Periods of identification, amplification and refinement were marked according to inflection points of the power difference between up and down targets. The first inflection point (first local maximum of the derivative) denoted the end of the identification period while the last inflection point (local minima of the derivative) of the difference defined the refinement period.

Figure 3

Subjects learned to use the BCI system over a period of many trials. A) The control electrode for this subject is highlighted in the green circle and was driven by overt tongue movement. Note that the poor resolution of sulci/gyri was due to a low resolution MRI. B) Mean powers for each trial were calculated in the control range (80–98Hz for Subject 7) and plotted as red points for active/up targets, and blue points for down, with a smoothed mean trace through each type. Three distinct periods of learning can be seen: a period of identification where the mean powers begin to separate between up and down targets (red, top of graph), a period of amplification where the power steadily increases (green), followed by a period of refinement where the difference between the two cases diminishes without a corresponding loss in accuracy (blue).
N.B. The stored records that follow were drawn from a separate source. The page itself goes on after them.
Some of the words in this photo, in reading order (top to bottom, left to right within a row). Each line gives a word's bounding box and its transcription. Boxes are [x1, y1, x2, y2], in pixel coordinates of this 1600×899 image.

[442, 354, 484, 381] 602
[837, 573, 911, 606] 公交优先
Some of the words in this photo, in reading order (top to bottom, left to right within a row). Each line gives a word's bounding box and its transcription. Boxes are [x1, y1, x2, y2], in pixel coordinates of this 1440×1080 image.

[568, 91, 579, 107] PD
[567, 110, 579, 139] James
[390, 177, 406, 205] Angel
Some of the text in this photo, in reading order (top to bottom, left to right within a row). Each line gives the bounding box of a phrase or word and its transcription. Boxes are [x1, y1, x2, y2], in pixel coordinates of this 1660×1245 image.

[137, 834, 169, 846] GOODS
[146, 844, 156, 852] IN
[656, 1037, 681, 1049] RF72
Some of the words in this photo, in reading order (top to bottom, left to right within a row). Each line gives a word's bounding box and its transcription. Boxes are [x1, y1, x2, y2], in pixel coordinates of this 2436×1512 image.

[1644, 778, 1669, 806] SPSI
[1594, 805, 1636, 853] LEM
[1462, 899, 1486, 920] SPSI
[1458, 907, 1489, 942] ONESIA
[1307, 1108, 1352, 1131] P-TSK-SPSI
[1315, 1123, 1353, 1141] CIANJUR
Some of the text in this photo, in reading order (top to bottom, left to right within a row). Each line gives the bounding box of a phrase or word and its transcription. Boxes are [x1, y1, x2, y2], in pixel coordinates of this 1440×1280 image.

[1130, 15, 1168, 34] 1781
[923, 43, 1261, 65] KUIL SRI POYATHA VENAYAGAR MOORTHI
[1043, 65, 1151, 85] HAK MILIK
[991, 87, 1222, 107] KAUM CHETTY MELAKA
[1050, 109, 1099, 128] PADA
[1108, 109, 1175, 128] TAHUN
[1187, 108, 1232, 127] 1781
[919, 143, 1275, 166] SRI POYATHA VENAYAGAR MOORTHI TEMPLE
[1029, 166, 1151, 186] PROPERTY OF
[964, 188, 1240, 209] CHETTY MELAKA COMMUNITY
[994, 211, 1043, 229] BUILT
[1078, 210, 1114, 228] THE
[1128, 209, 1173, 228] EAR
Squares indicate missed targets. C) Taking the difference between the up and down targets illustrates the three stages well. There was a maximal difference of 6 standard deviations, ending the training at a difference of 3 standard deviations.

Figure 4

Cumulative Distribution Function (CDF) generation for Subject 2. A) Log of high gamma in the control range (varied per-subject, but generally 80–100Hz) for a single active trial in red, and rest trial in blue. B) Cumulative histogram of the high gamma power for one active and one rest trial. C) CDF for a single active (red) and rest (blue) trial. A rightward shift in the CDF indicates a higher mean log power for the active target. D) CDF for each of six 18-trial runs. The initial run show low separation in the CDFs for each trial. Runs 2–4 show increasing separation, with runs 5 and 6 showing constant or decreasing separation without a corresponding loss in accuracy, suggested by the decreasing variability in CDF for runs 5 and 6.

Figure 5

Eight subjects underwent on-line BCI training using either hand or tongue control signals with overt (boxed) or imagined (bubble) movement. The type of task is shown underneath the modality. Control electrodes are highlighted in green. All subjects show all three periods, denoted along the top of each graph: identification (red), amplification (green), and refinement (blue). Squares denote missed trials.

Figure 6

Subject 4 performed exceptionally well at the RJB task and performed the same task with additional targets. The subject modulated the control signal in order to reach targets that were not at the extreme top or bottom of the screen. For three targets (top graph), the same pattern of learning can be observed. The mean power and one standard deviation of all trials are shown for the top target (red), middle target (green) and bottom target (blue). Run accuracies are indicated as a percentage underneath each run.